(Stored data)
####################

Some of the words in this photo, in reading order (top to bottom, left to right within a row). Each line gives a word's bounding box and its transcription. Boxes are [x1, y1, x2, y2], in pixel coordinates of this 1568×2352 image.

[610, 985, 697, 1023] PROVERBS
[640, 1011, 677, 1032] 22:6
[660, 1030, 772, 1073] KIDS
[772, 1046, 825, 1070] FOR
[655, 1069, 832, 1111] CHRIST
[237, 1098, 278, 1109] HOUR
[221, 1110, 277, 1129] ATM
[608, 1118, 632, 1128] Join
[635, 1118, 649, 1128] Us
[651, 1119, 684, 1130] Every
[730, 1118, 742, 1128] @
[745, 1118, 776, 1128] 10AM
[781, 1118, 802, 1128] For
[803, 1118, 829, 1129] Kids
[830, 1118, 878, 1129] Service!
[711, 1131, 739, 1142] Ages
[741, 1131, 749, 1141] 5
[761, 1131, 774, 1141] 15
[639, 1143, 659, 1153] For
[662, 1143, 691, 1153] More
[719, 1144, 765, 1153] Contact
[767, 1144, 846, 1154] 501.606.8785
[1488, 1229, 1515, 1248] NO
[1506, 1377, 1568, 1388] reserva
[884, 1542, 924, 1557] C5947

####################

**Work order:**
All the lines above should be written out once more, exactly.

**Solution for this task:**
Some of the words in this photo, in reading order (top to bottom, left to right within a row). Each line gives a word's bounding box and its transcription. Boxes are [x1, y1, x2, y2], in pixel coordinates of this 1568×2352 image.

[610, 985, 697, 1023] PROVERBS
[640, 1011, 677, 1032] 22:6
[660, 1030, 772, 1073] KIDS
[772, 1046, 825, 1070] FOR
[655, 1069, 832, 1111] CHRIST
[237, 1098, 278, 1109] HOUR
[221, 1110, 277, 1129] ATM
[608, 1118, 632, 1128] Join
[635, 1118, 649, 1128] Us
[651, 1119, 684, 1130] Every
[730, 1118, 742, 1128] @
[745, 1118, 776, 1128] 10AM
[781, 1118, 802, 1128] For
[803, 1118, 829, 1129] Kids
[830, 1118, 878, 1129] Service!
[711, 1131, 739, 1142] Ages
[741, 1131, 749, 1141] 5
[761, 1131, 774, 1141] 15
[639, 1143, 659, 1153] For
[662, 1143, 691, 1153] More
[719, 1144, 765, 1153] Contact
[767, 1144, 846, 1154] 501.606.8785
[1488, 1229, 1515, 1248] NO
[1506, 1377, 1568, 1388] reserva
[884, 1542, 924, 1557] C5947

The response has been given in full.